##### Material provided

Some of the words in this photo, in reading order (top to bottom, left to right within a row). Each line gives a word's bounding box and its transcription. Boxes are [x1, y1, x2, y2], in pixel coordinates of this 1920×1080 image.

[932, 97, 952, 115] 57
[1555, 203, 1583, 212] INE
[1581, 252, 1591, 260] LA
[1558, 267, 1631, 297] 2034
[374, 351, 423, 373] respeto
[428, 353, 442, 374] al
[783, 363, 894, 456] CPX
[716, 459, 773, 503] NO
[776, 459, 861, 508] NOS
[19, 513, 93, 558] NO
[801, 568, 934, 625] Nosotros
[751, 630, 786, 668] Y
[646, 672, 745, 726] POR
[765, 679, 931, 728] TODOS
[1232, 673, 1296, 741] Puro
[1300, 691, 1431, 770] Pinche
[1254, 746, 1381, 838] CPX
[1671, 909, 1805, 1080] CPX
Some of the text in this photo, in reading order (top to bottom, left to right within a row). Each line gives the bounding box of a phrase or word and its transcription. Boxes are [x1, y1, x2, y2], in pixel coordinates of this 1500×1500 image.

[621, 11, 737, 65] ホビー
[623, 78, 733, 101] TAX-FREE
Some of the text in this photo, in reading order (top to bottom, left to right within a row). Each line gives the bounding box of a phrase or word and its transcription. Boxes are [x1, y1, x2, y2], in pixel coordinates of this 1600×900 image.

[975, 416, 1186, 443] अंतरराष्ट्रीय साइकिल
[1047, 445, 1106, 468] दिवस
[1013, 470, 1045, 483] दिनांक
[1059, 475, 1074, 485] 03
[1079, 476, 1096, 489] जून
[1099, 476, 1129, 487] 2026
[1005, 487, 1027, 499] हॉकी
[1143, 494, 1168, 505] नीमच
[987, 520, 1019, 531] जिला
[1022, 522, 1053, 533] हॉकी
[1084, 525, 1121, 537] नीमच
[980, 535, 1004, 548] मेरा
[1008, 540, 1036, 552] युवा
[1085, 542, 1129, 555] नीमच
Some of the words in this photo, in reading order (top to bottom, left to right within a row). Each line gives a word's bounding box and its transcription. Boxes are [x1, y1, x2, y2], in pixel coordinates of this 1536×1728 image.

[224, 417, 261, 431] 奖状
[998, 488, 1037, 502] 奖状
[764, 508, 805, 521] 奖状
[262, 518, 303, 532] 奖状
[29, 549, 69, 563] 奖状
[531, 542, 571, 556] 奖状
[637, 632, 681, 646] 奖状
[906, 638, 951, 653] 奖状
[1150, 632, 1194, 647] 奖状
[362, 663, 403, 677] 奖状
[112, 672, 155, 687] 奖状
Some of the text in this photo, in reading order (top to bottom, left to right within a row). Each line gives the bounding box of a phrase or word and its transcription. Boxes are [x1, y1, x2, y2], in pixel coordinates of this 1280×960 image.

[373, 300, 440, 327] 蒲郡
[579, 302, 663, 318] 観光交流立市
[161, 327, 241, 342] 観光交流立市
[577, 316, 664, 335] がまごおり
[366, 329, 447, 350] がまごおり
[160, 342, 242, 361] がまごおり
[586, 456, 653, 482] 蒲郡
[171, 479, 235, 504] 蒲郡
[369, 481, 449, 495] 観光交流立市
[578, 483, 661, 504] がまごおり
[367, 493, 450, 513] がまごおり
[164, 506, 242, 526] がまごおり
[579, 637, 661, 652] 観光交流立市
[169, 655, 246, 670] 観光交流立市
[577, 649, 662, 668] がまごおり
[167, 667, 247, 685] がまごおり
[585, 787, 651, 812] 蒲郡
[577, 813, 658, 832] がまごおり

##########

◆ Task description ◆
Exactly and only the lines from the one containing "this 1280×960 image." through the end of the material are to be reproduced, both ends included.

◆ Exercise output ◆
Some of the text in this photo, in reading order (top to bottom, left to right within a row). Each line gives the bounding box of a phrase or word and its transcription. Boxes are [x1, y1, x2, y2], in pixel coordinates of this 1280×960 image.

[373, 300, 440, 327] 蒲郡
[579, 302, 663, 318] 観光交流立市
[161, 327, 241, 342] 観光交流立市
[577, 316, 664, 335] がまごおり
[366, 329, 447, 350] がまごおり
[160, 342, 242, 361] がまごおり
[586, 456, 653, 482] 蒲郡
[171, 479, 235, 504] 蒲郡
[369, 481, 449, 495] 観光交流立市
[578, 483, 661, 504] がまごおり
[367, 493, 450, 513] がまごおり
[164, 506, 242, 526] がまごおり
[579, 637, 661, 652] 観光交流立市
[169, 655, 246, 670] 観光交流立市
[577, 649, 662, 668] がまごおり
[167, 667, 247, 685] がまごおり
[585, 787, 651, 812] 蒲郡
[577, 813, 658, 832] がまごおり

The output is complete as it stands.